Editor’s note: A new 10th Anniversary Edition has just been published for Suburban Nation: The Rise of Sprawl and the Decline of the American Dream, with new prefaces by authors Andres Duany, Elizabeth Plater-Zyberk, and Jeff Speck. The following essay by Duany, titled “Avoiding Obsolescence” in the book, explains that Suburban Nation steered away from ideology and theory in favor of proposing a better habitat for the American middle class.

When Suburban Nation was being written a dozen years ago, each of the authors fell into a role. Jeff was the purveyor of the light touch. His easygoing tone has contributed as much as anything to the book's appeal. It is probably responsible for the number of people who have told me that, to their own surprise, they read it to the end. Lizz, for her part, was the guardian of clarity. She has no patience for obscurantism in language or message. Suburban Nation's simple and straightforward writing is an extension of the educational philosophy she promotes at the University of Miami, where students learn “plain old good architecture.” Her success is evidenced by the book's unexpected popularity as required reading — even in high schools.

My own contribution to the editing process was a result of simple time management. With new towns to design that could outlast centuries, why spend an inordinate number of hours on a text that might have a shelf life of only a few years? I was aware of the tension between a book focused on a present problem and one of lasting relevance, and I argued strongly that our book should be the latter. In this regard, Jane Jacobs's half-century-old T h e Death and Life of Great American Cities was my model — a difficult one to live up to, granted, but the pursuit of unattainable ideals is stimulating. And so I undertook the editing with an eye to issues that were of the more transcendental sort. To this end, the grand subject of urbanism certainly provided a good foundation. The fashionable was eradicated under my pen — and so I bear any blame for the book's being not nearly as hip as the younger Jeff would have had it.

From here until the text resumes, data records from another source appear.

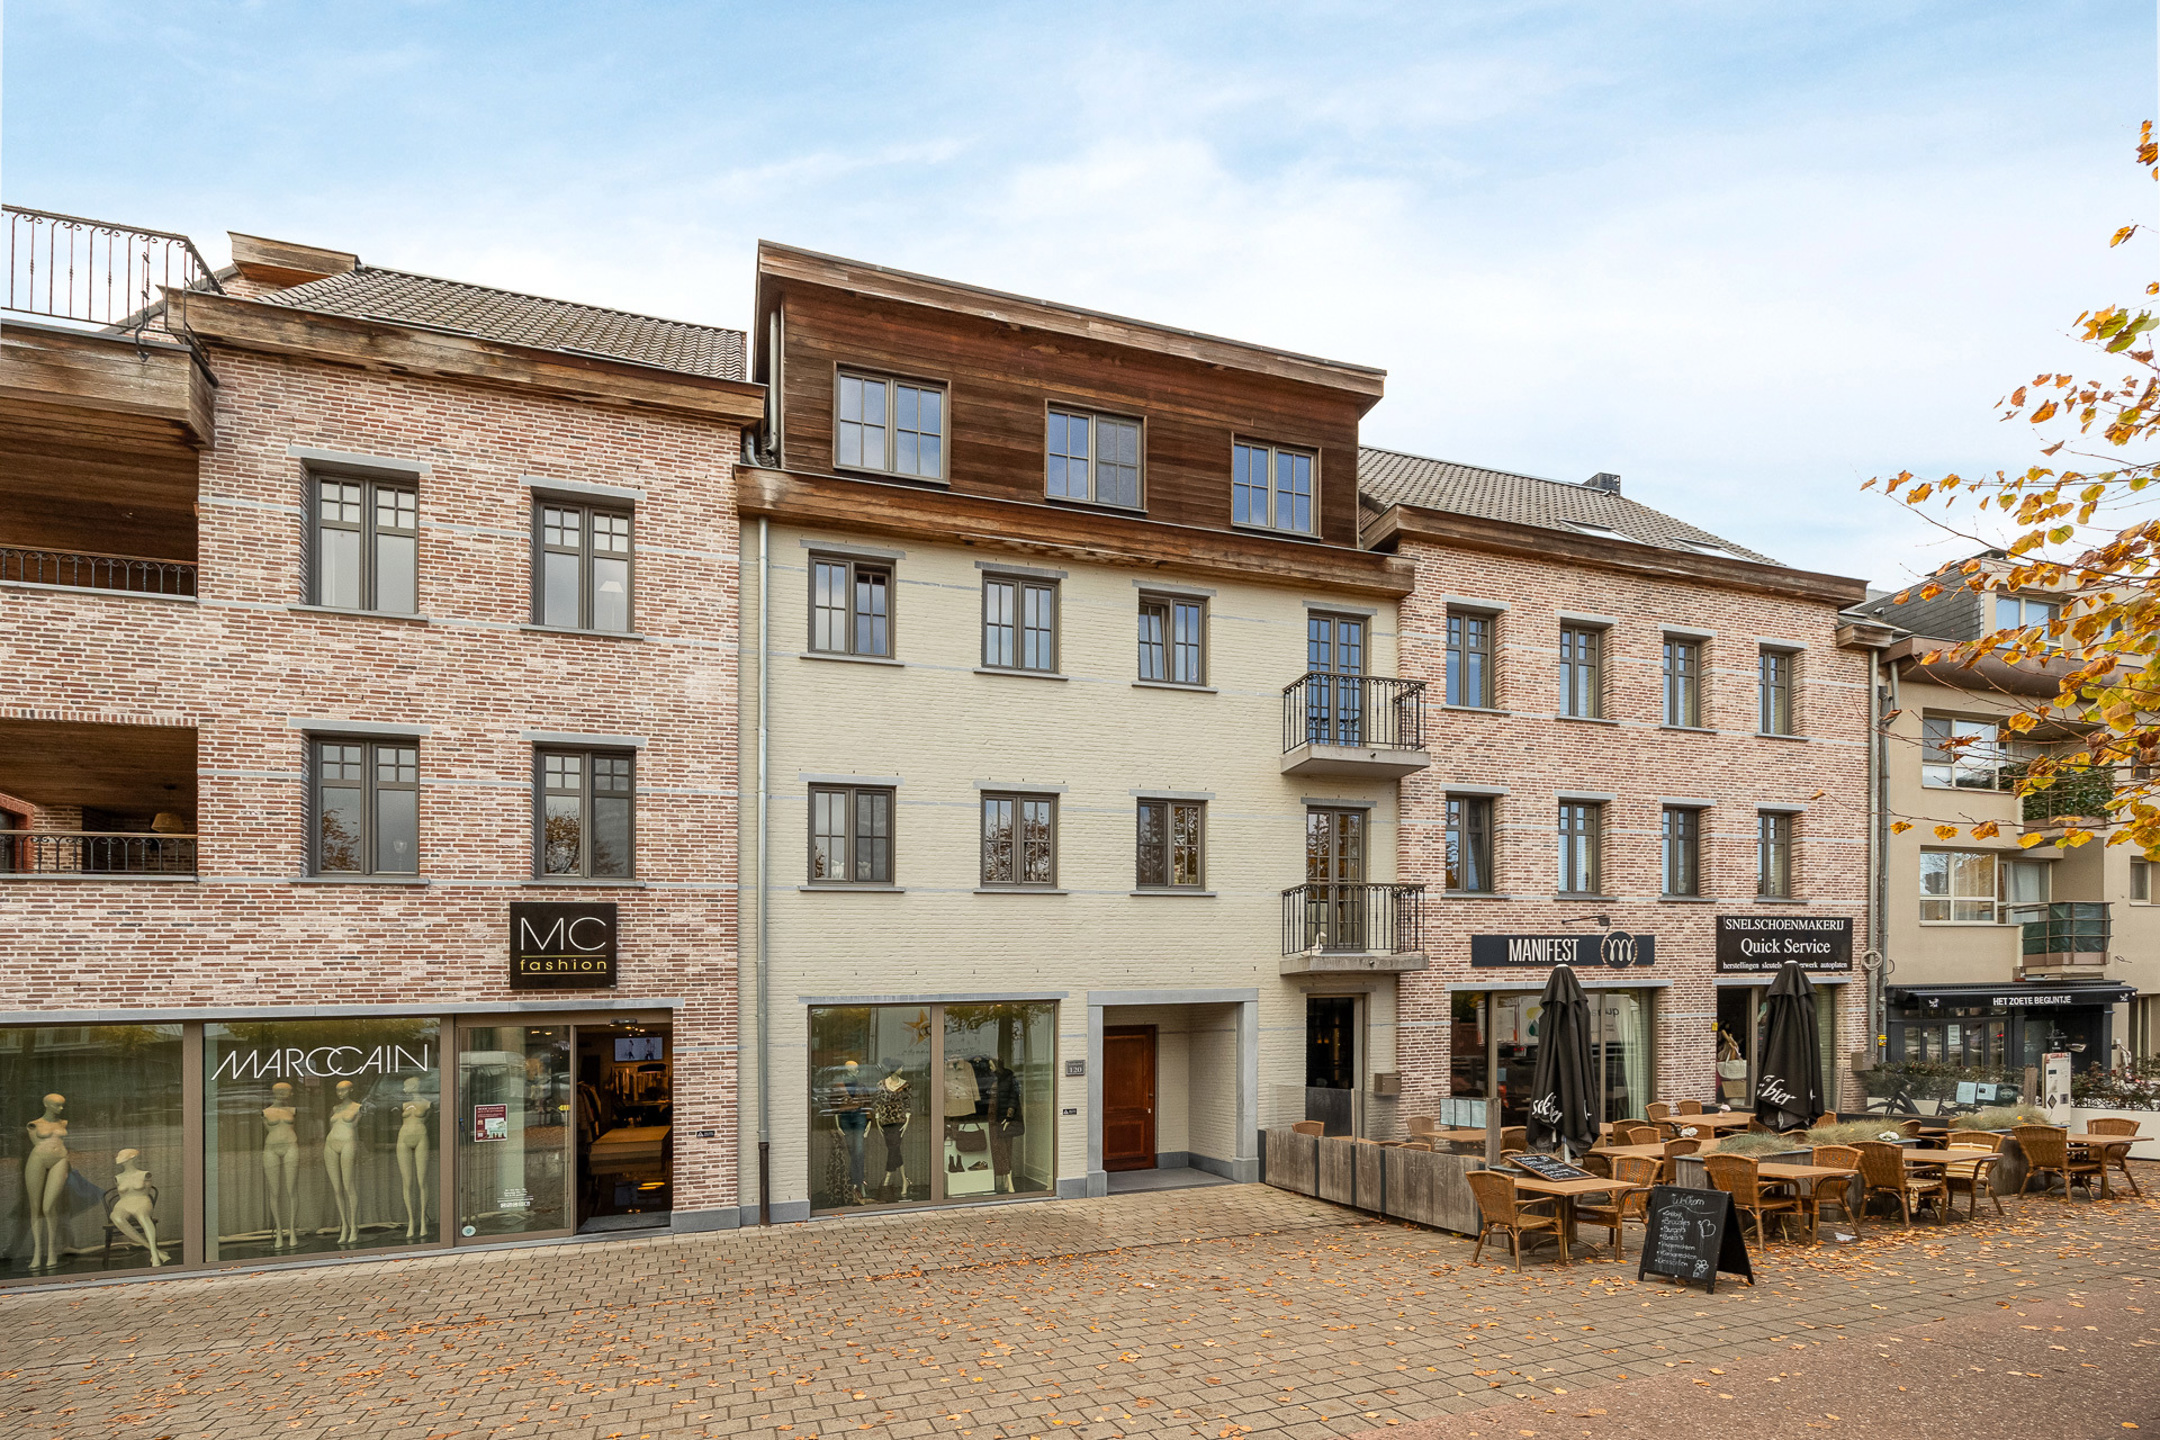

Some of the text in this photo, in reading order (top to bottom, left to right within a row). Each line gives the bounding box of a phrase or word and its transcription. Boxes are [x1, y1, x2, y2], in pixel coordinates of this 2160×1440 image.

[1725, 918, 1845, 931] SNELSCHOENMAKERIJ
[521, 916, 606, 951] MC
[1508, 938, 1580, 962] MANIFEST
[1740, 937, 1831, 956] Quick Service
[520, 959, 607, 971] fashion
[1722, 961, 1760, 971] herstellingen
[1993, 995, 2071, 1006] HET ZOETE BEGIJNTJE

Then, shortly after it was published, I realized that while I had checked the book for technical obsolescence, I had not done so for political survivability. More out of curiosity than anything else, I asked for assessments from two friends, one attuned to right-wing and the other to left-wing bias. Both marked-up copies were returned with a similar number of disputed statements, and I remember being surprised at how unnecessary these passages were. Although we could have smoothed the feathers for this second edition, the original text remains intact, as it has done no great harm. It seems that, for different reasons, Suburban Nation is read by radical protectors of the environment no less than by conservatives concerned with the restoration of the traditional human community. Perhaps this is because it avoids ideology altogether and puts theory Last — simply proposing an alternative habitat for the American middle class, which deserves much better than it is getting. Most Americans are self-interested and pragmatic enough to realize that New Urbanist communities make more sense than the sprawl model, and that they suffer very few downsides. Only extreme libertarians, who so relentlessly espouse choice, fail to understand that such communities are not allowed under the current planning regime, and that the book is actually proposing that they should be included among the available options.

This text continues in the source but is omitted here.